For what it’s worth, my current view on SAEs is that they remain a pretty neat unsupervised technique for making (partial) sense of activations, but they fit more into the general category of unsupervised learning techniques, e.g. clustering algorithms, than as a method that’s going to discover the “true representational directions” used by the language model. And, as such, they share many of the pros and cons of unsupervised techniques in general:[1]
(Pros) They may be useful / efficient for getting a first pass understanding of what’s going in a model / with some data (indeed many of their success stories have this flavour).

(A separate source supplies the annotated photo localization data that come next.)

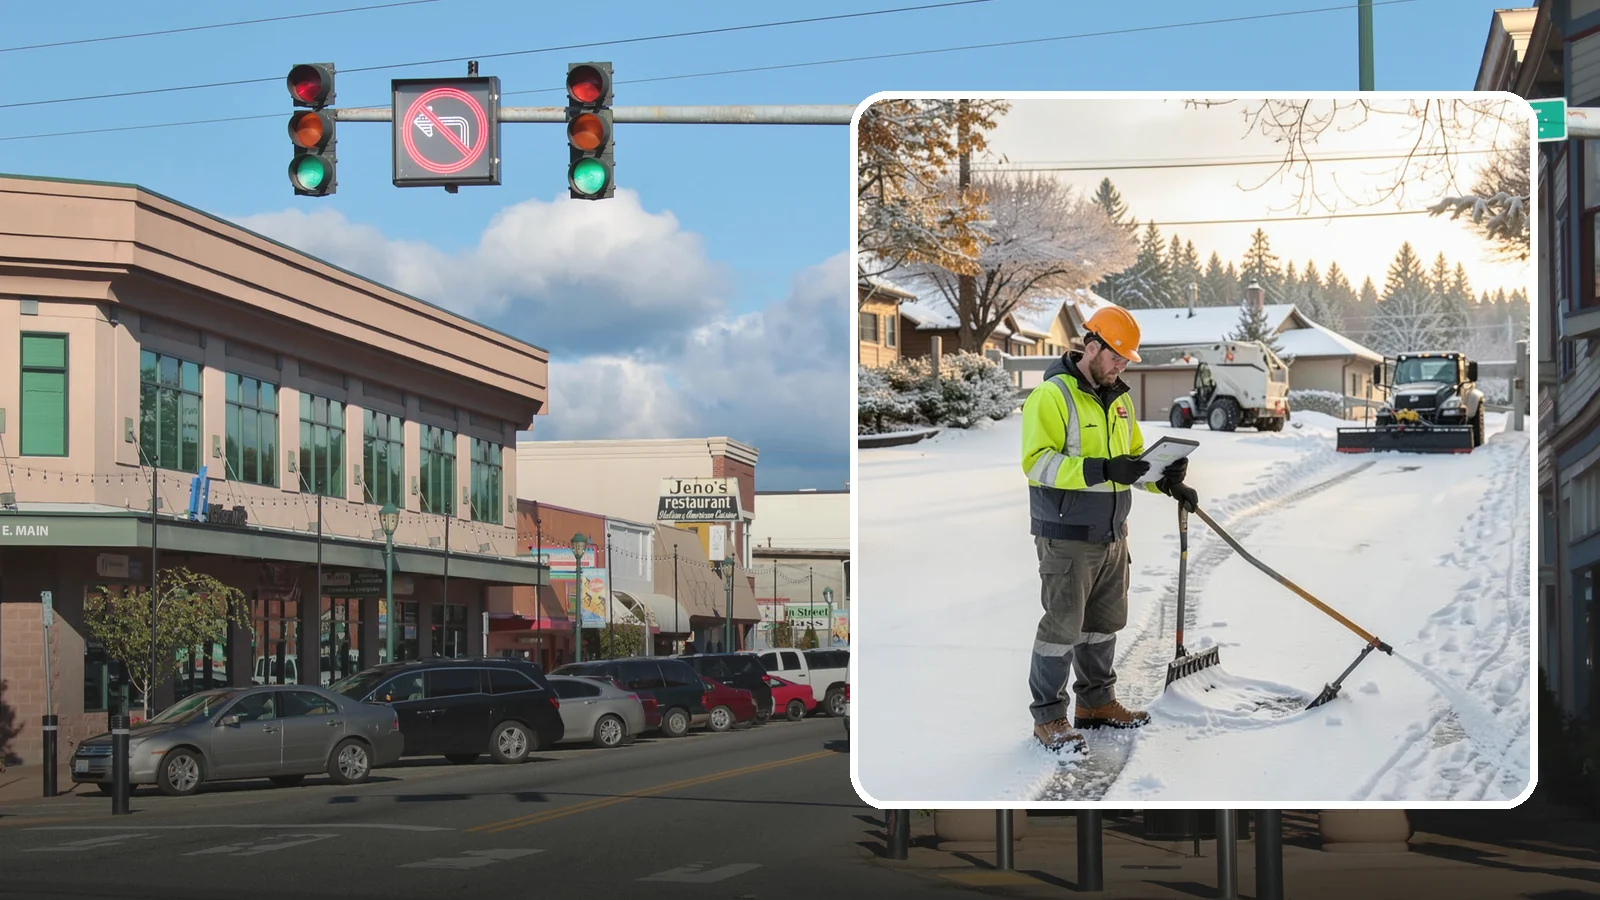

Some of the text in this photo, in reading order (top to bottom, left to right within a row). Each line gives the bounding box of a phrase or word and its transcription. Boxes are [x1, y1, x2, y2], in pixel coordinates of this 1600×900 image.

[670, 480, 727, 494] Jeno's
[665, 497, 731, 509] restaurant
[686, 510, 714, 519] American
[715, 510, 737, 519] Cuisine
[2, 525, 49, 536] E. MAIN
[797, 608, 828, 616] Street

(Cons) They are hit and miss—often not carving up the data in the way you’d prefer, with weird omissions or gerrymandered boundaries you need to manually correct for. Once you have a hypothesis, a supervised method will likely give you better results.
I think this means SAEs could still be useful for generating hypotheses when trying to understand model behaviour, and and I really like the CLTs papers in this regard.[2] However, it’s still unclear whether they are better for hypothesis generation than alternative techniques, particularly techniques that have other advantages, like the ability to be used with limited model access (i.e. black-box techniques) or techniques that don’t require paying a large up-front cost before they can be used on a model.
I largely agree with your updates 1 and 2 above, although on 2 I still think it’s plausible that while many “why is the model doing X?” type questions can be answered with black-box techniques today, this may not continue to hold into the future, which is why I still view interp as a worthwhile research direction. This does make it important though to always try strong baselines on any new project and only get excited when interp sheds light on problems that genuinely seem hard to solve using these baselines.[3]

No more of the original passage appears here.